- **Collected data**
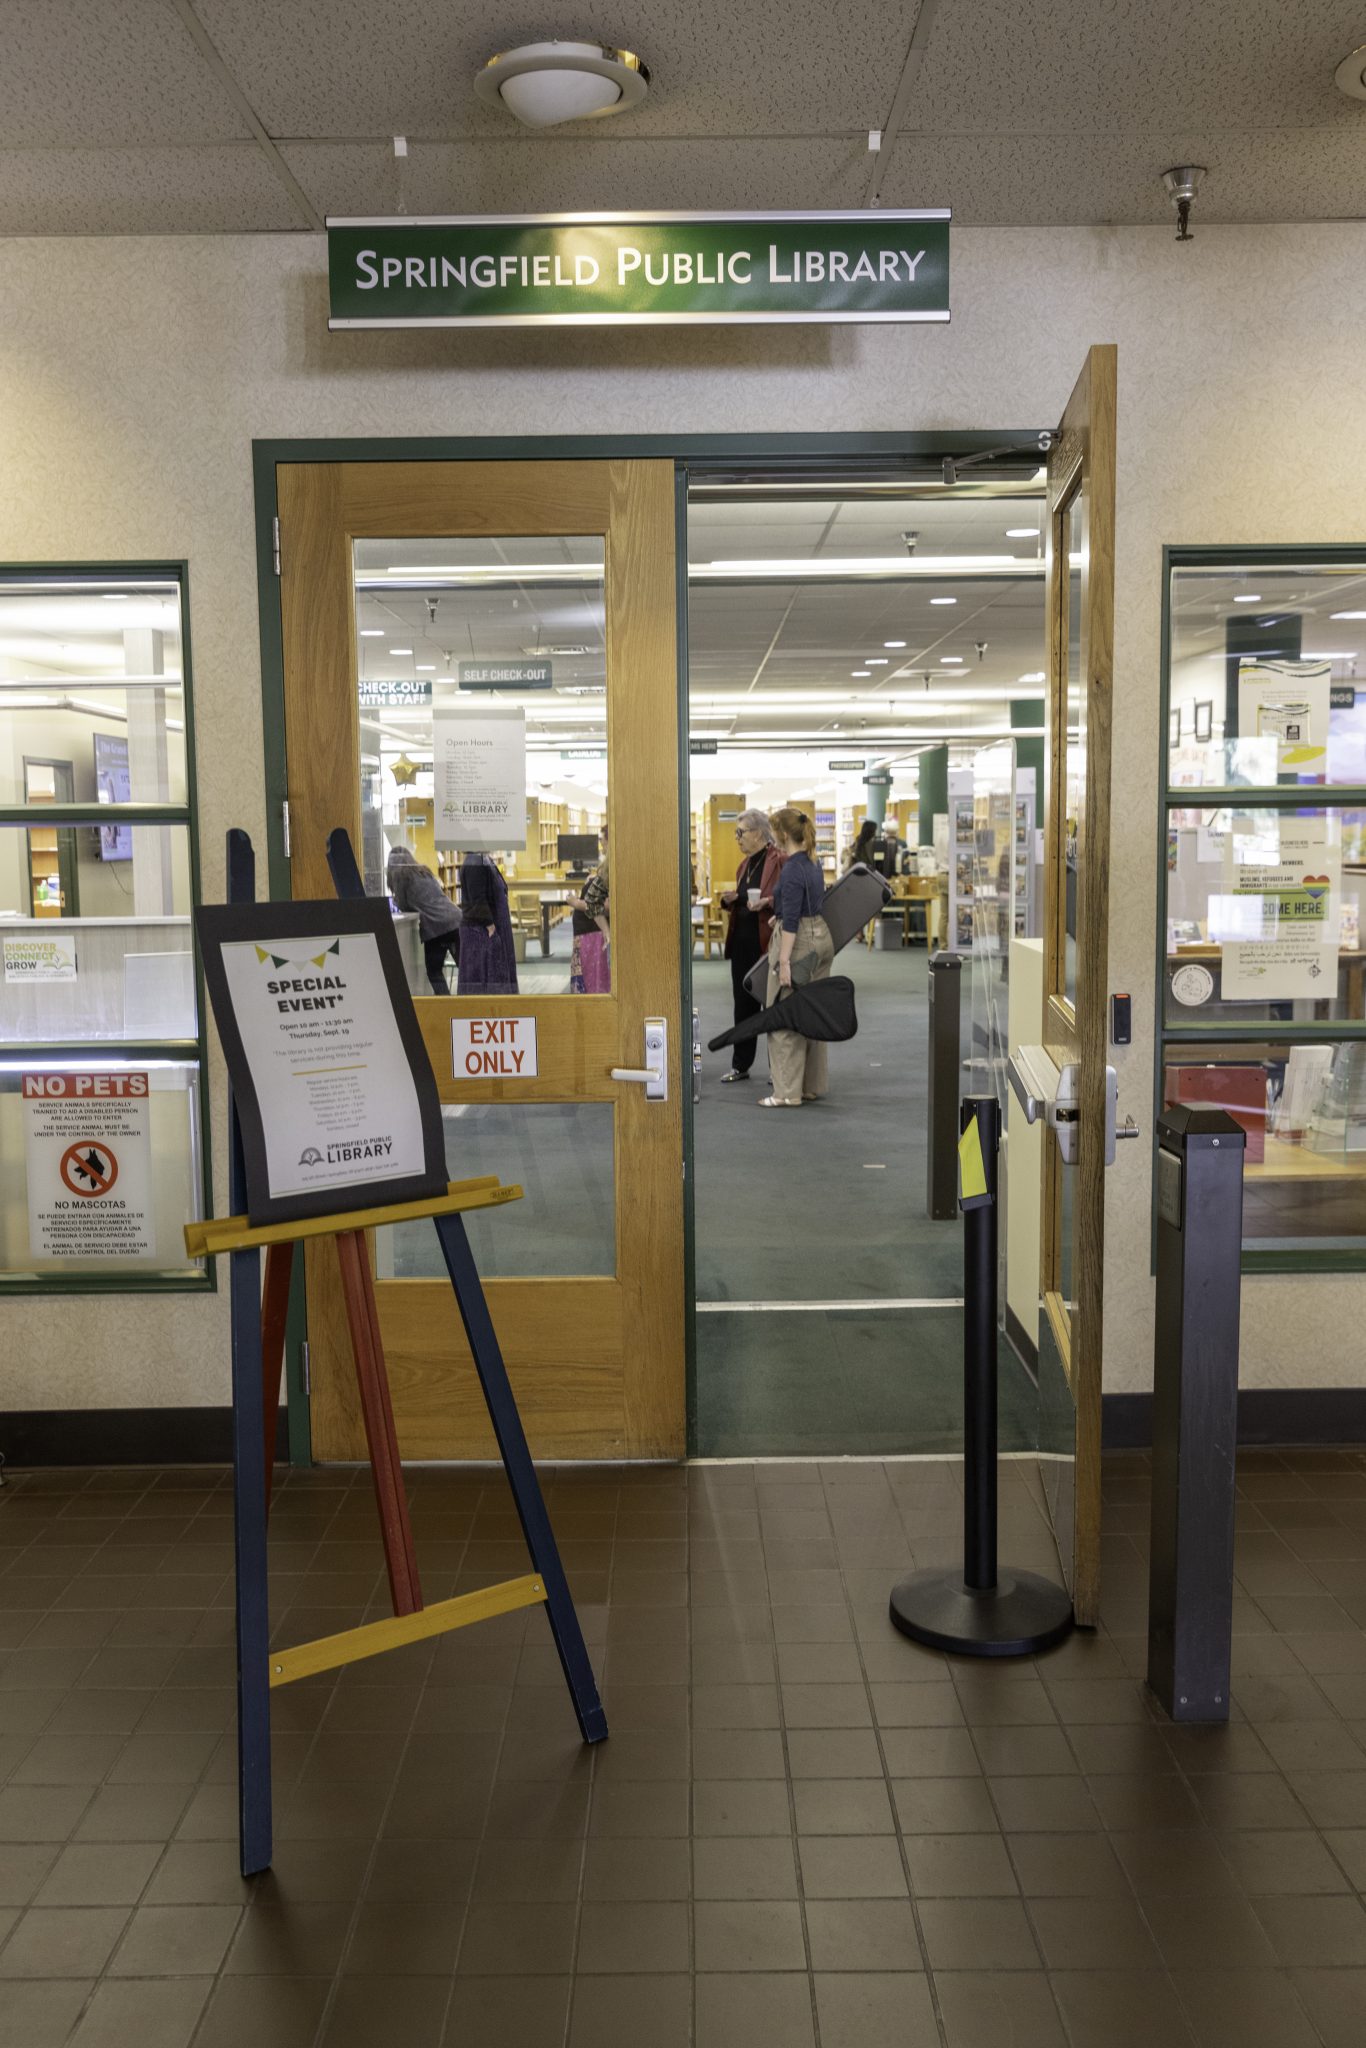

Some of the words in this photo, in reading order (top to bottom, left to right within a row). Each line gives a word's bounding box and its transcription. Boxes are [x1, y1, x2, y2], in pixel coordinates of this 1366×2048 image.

[355, 249, 600, 290] SPRINGFIELD
[617, 247, 752, 287] PUBLIC
[768, 244, 926, 283] LIBRARY
[464, 669, 489, 680] SELF
[490, 669, 547, 680] CHECK-OUT
[389, 694, 426, 704] STAFF
[446, 739, 468, 749] Open
[462, 805, 508, 813] LIBRARY
[1294, 903, 1325, 914] HERE.
[4, 943, 57, 951] DISCOVER
[5, 952, 55, 960] CONNECT
[6, 961, 37, 970] GROW
[267, 976, 346, 994] SPECIAL
[279, 1023, 298, 1031] Open
[325, 1018, 341, 1026] 11:30
[323, 1028, 340, 1037] Sept.
[470, 1020, 519, 1044] EXIT
[465, 1050, 525, 1075] ONLY
[26, 1076, 66, 1096] NO
[76, 1075, 147, 1095] PETS
[327, 1139, 368, 1150] SPRINGFIELD
[369, 1135, 392, 1144] PUBLIC
[327, 1142, 392, 1164] LIBRARY
[55, 1201, 69, 1209] NO
[72, 1201, 126, 1209] MASCOTAS
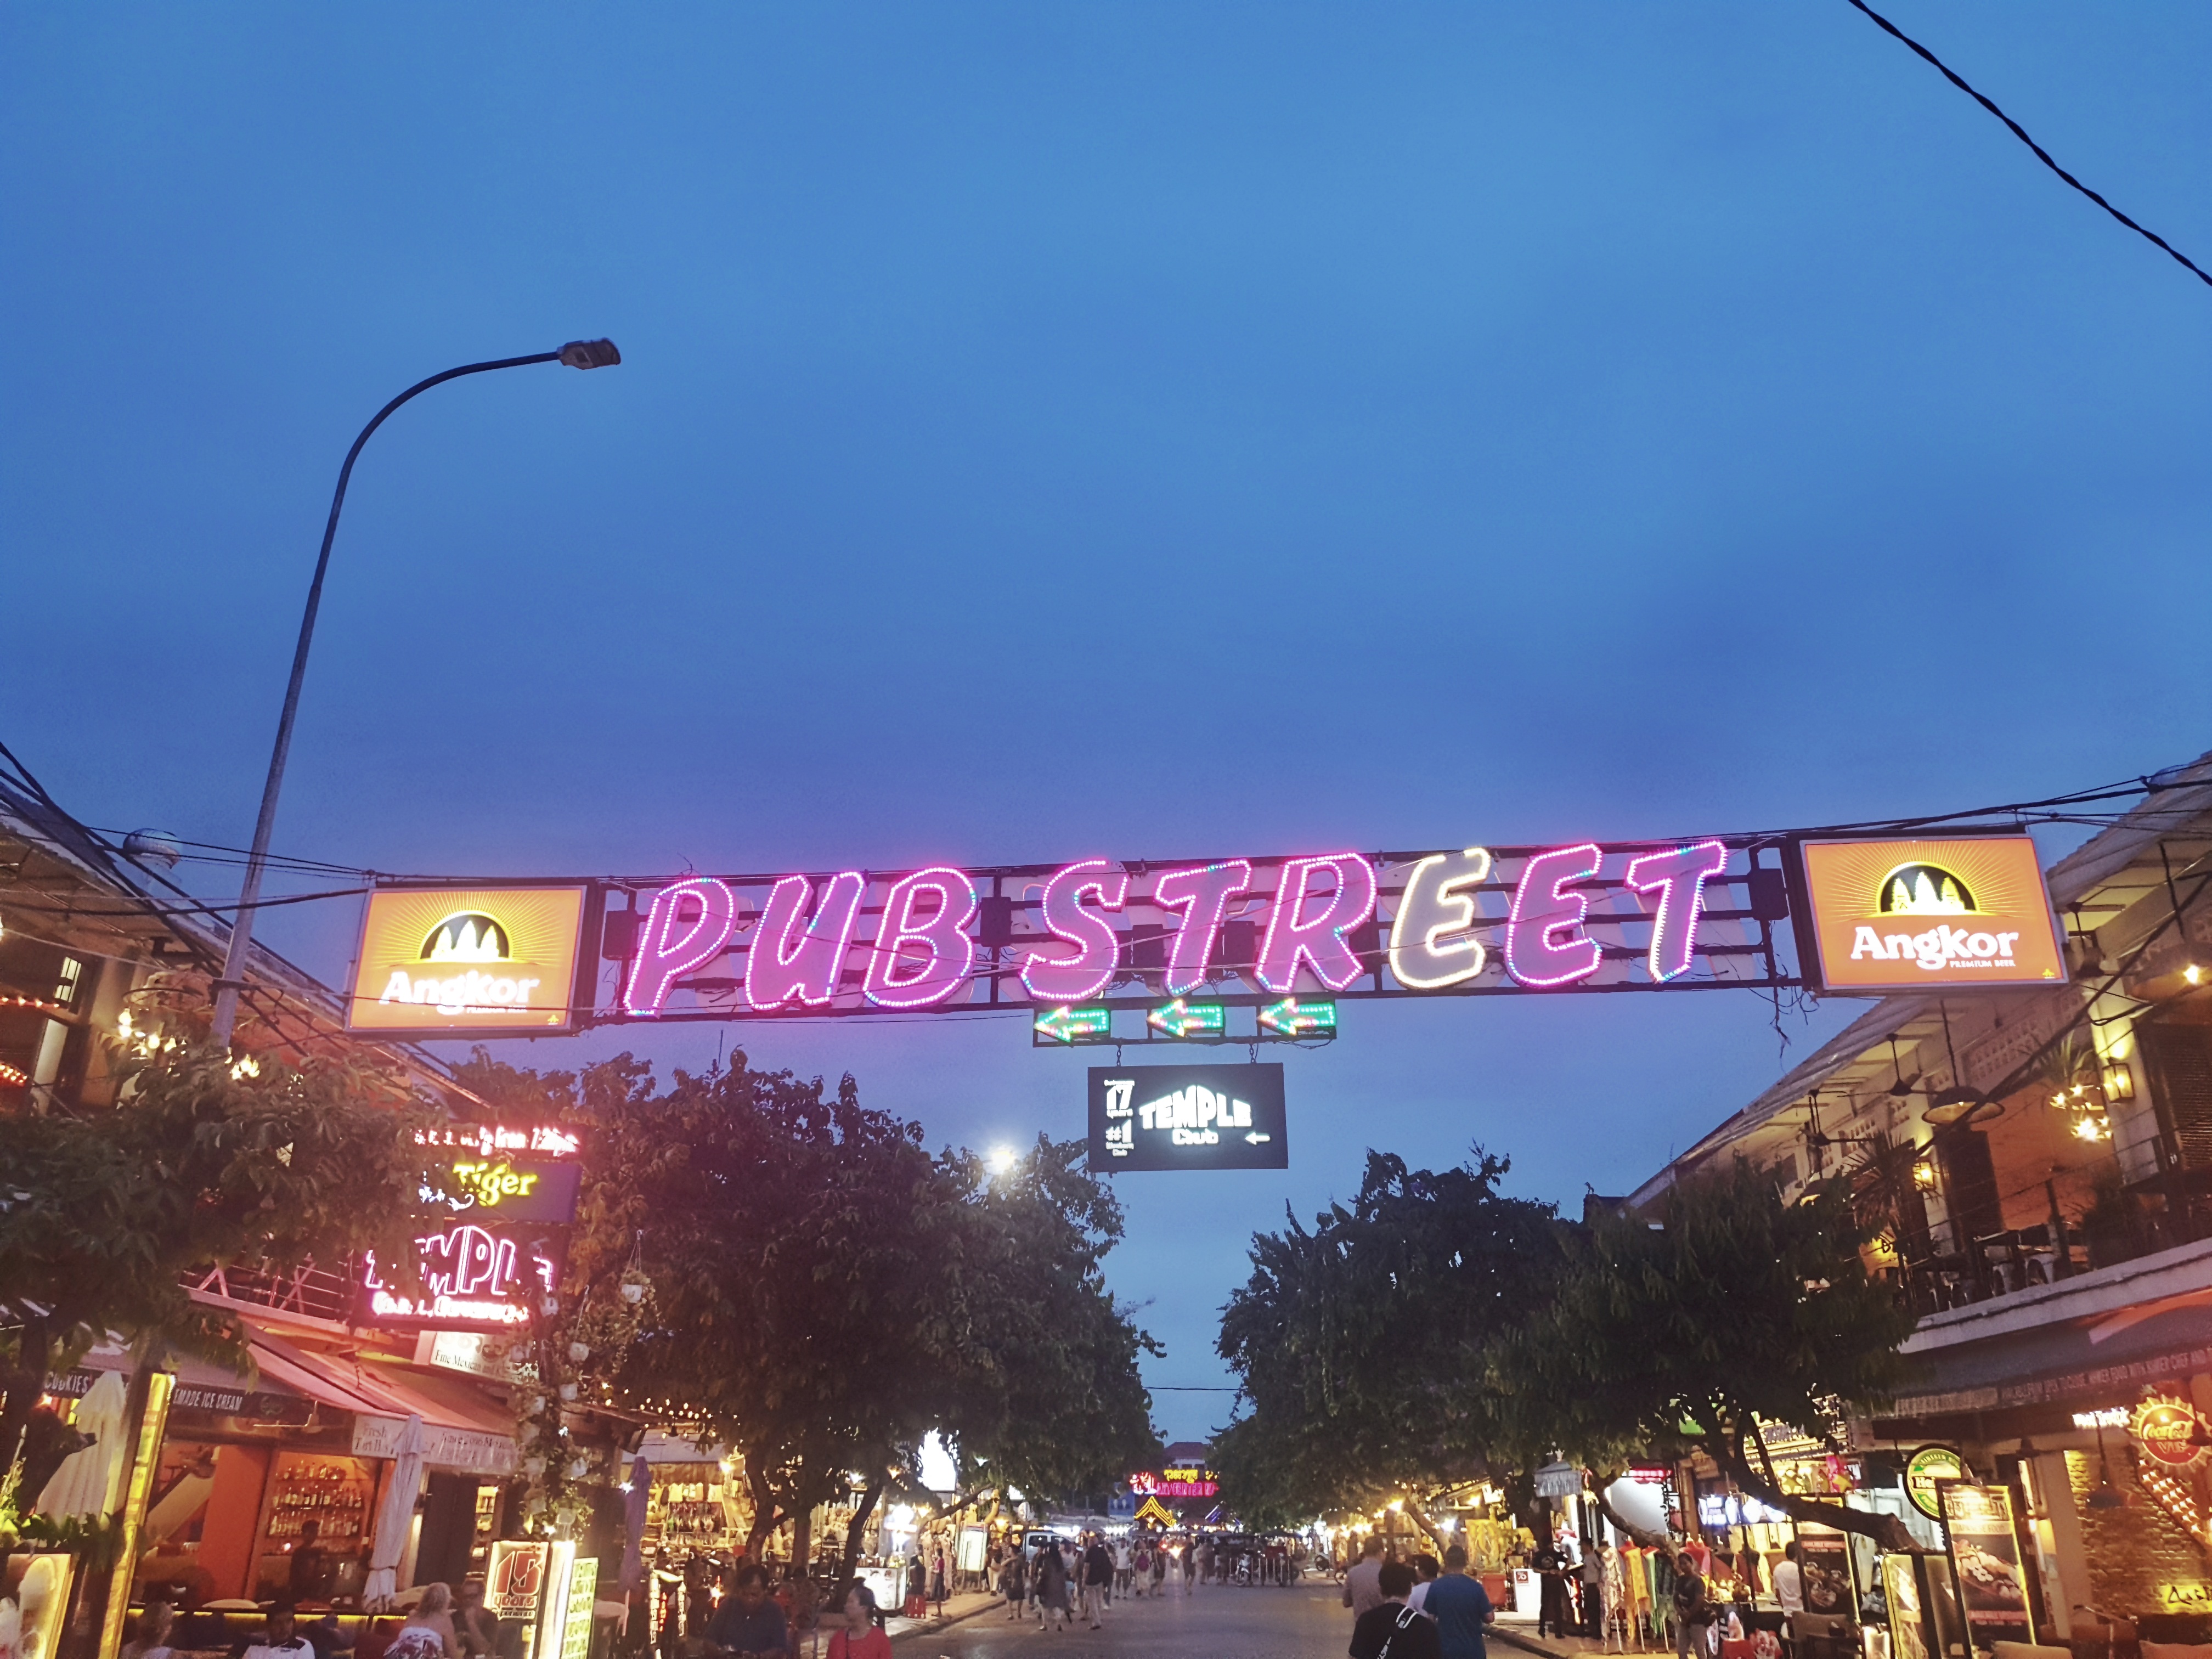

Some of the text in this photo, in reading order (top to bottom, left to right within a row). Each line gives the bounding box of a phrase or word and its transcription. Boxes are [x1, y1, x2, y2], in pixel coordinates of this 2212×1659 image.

- **Aim of the exercise**
This calls for each record above to be set down exactly, with the images skipped.

- **Answer to this problem**
Some of the words in this photo, in reading order (top to bottom, left to right within a row). Each line gives a word's bounding box and its transcription. Boxes are [x1, y1, x2, y2], in pixel coordinates of this 1366×2048 image.

[355, 249, 600, 290] SPRINGFIELD
[617, 247, 752, 287] PUBLIC
[768, 244, 926, 283] LIBRARY
[464, 669, 489, 680] SELF
[490, 669, 547, 680] CHECK-OUT
[389, 694, 426, 704] STAFF
[446, 739, 468, 749] Open
[462, 805, 508, 813] LIBRARY
[1294, 903, 1325, 914] HERE.
[4, 943, 57, 951] DISCOVER
[5, 952, 55, 960] CONNECT
[6, 961, 37, 970] GROW
[267, 976, 346, 994] SPECIAL
[279, 1023, 298, 1031] Open
[325, 1018, 341, 1026] 11:30
[323, 1028, 340, 1037] Sept.
[470, 1020, 519, 1044] EXIT
[465, 1050, 525, 1075] ONLY
[26, 1076, 66, 1096] NO
[76, 1075, 147, 1095] PETS
[327, 1139, 368, 1150] SPRINGFIELD
[369, 1135, 392, 1144] PUBLIC
[327, 1142, 392, 1164] LIBRARY
[55, 1201, 69, 1209] NO
[72, 1201, 126, 1209] MASCOTAS

Some of the text in this photo, in reading order (top to bottom, left to right within a row). Each line gives the bounding box of a phrase or word and its transcription. Boxes are [x1, y1, x2, y2], in pixel coordinates of this 2212×1659 image.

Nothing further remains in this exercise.